In 1912, they added a junior college division and, shortly after the end of World War I, a free-standing combination gymnasium and assembly hall. The main building was enlarged with a wing extension and a tower and renamed Tower Hall.
By 1924, the junior college had been expanded to four years and became The College of St. Scholastica. In 1928, Mother Agnes Somers completed the original plan for Tower Hall with an elaborate lobby, second tower, and new wing.
By 1930, the Community in Duluth had 300 members.
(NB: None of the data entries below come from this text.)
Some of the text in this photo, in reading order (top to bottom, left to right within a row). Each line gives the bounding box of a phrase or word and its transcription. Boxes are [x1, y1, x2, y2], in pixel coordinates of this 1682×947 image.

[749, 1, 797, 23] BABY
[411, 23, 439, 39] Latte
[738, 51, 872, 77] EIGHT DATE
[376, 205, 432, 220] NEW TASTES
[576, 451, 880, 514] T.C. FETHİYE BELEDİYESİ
An additional forty Sisters had left to create new Benedictine foundations in Winnipeg and Crookston. The Sisters owned and operated the College and hospitals in Duluth and Brainerd. They taught in 20 parish schools in Duluth, northeastern Minnesota, and Chicago. They also staffed an orphanage and a home for the aged in Duluth, and a boarding school for developmentally challenged girls in Washington D.C.
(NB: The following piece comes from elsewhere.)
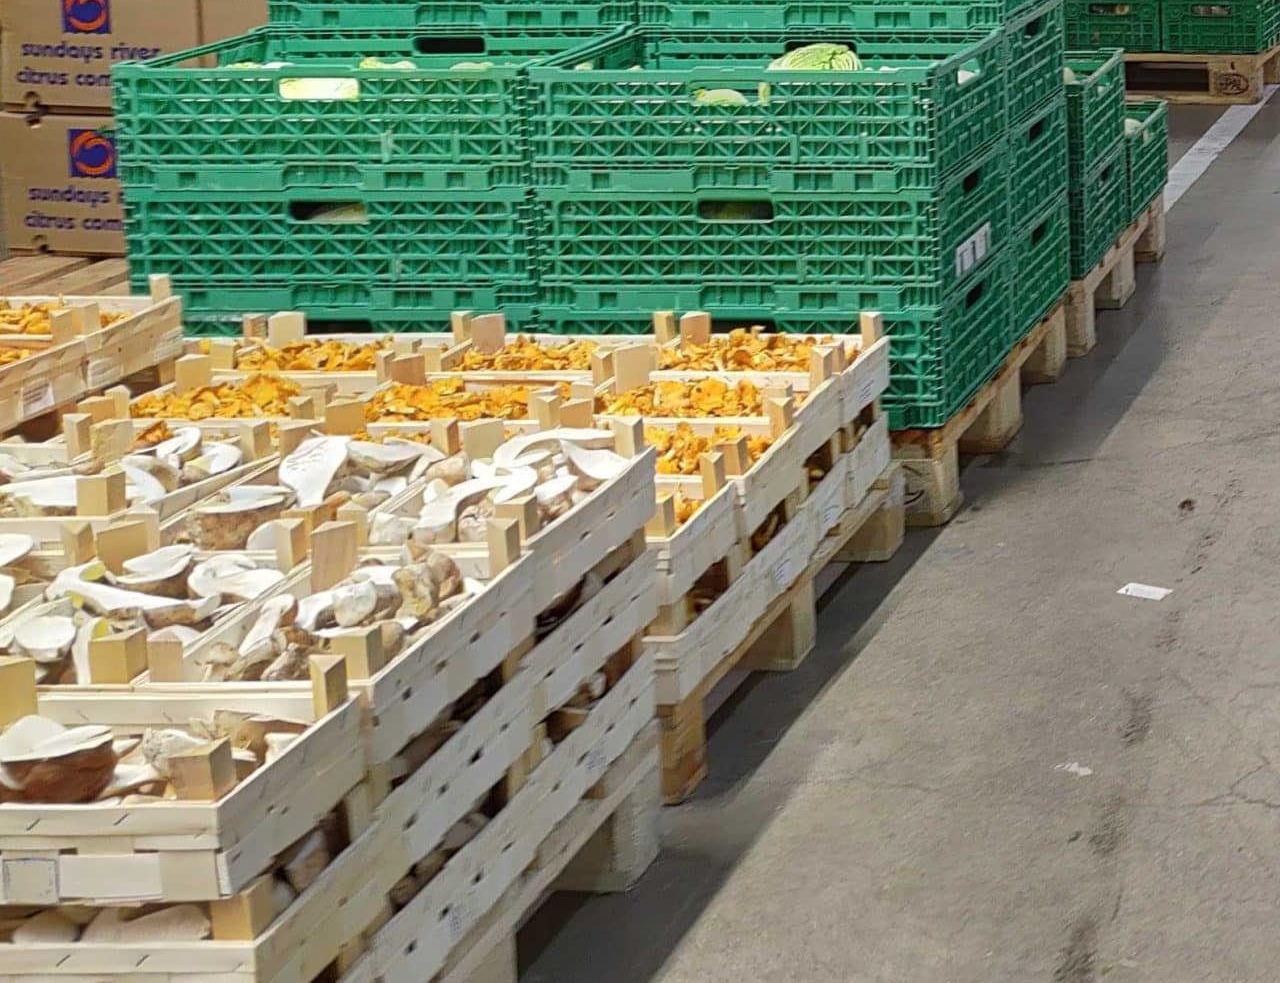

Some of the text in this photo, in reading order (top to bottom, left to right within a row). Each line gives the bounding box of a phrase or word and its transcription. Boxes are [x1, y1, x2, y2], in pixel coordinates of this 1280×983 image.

[21, 41, 161, 63] sundays river
[16, 66, 68, 86] citrus
[28, 185, 110, 208] sundays
[24, 210, 75, 229] citrus
As the Community and College continued to grow, additional space was needed. By 1938 under Mother Agnes’ leadership, the Community built a combined library and chapel and a new girls’ high school, called Stanbrook Hall after a Benedictine abbey in England. Enclosed cloister walks across the front connected Stanbrook Hall, the Chapel, and Tower Hall.
Community numbers peaked in 1965 at 520 members. By that time, additional school missions had been accepted in Cincinnati, Minneapolis, and Phoenix as well as more parish schools in northeastern Minnesota and Duluth. Four Sisters were living in Antofagasta, Chile as missionaries.
In the early days, the Community was known locally by the name of the site — Sacred Heart Institute or Villa Sancta Scholastica. When the community joined the Federation of St. Benedict in 1959 and became independent of the local bishop, its name was changed to St. Scholastica Priory, and in 1996 to St. Scholastica Monastery.
In the late 1960s, influenced by the cultural revolution and reforms of the Second Vatican Council, membership began to decline. Women found they could pursue careers in education and health care as lay people, and so fewer chose religious life. At the same time, many Sisters chose to leave the community. In Duluth, a new co-educational Catholic high school opened in 1963, drawing away most of our high school students, and so in 1967 Stanbrook Hall closed. The Sisters renovated the building as an interim motherhouse, leaving most of Tower Hall to the College. The second floor was remodeled to become Benet Hall, an assisted living center for infirm Sisters.
As Sisters retired from active ministries and returned home, more space was needed to house all the Community under one roof. In 1991 Stanbrook West was built as residence for about 70 Sisters, the first facility to be constructed for the exclusive use of the Community.
As the numbers of infirm Sisters continued to grow, the Community began construction in 1978 of the Benedictine Health Center (now called Benedictine Living Community of Duluth) next to Stanbrook. It opened in 1980 to both Sisters and laypeople, the first nursing home to include a daycare center for children. In time it added assisted living, independent senior apartments, memory care, and therapy and became the first of forty communities of the Benedictine Health System, one of the largest Catholic senior care organizations in the United States.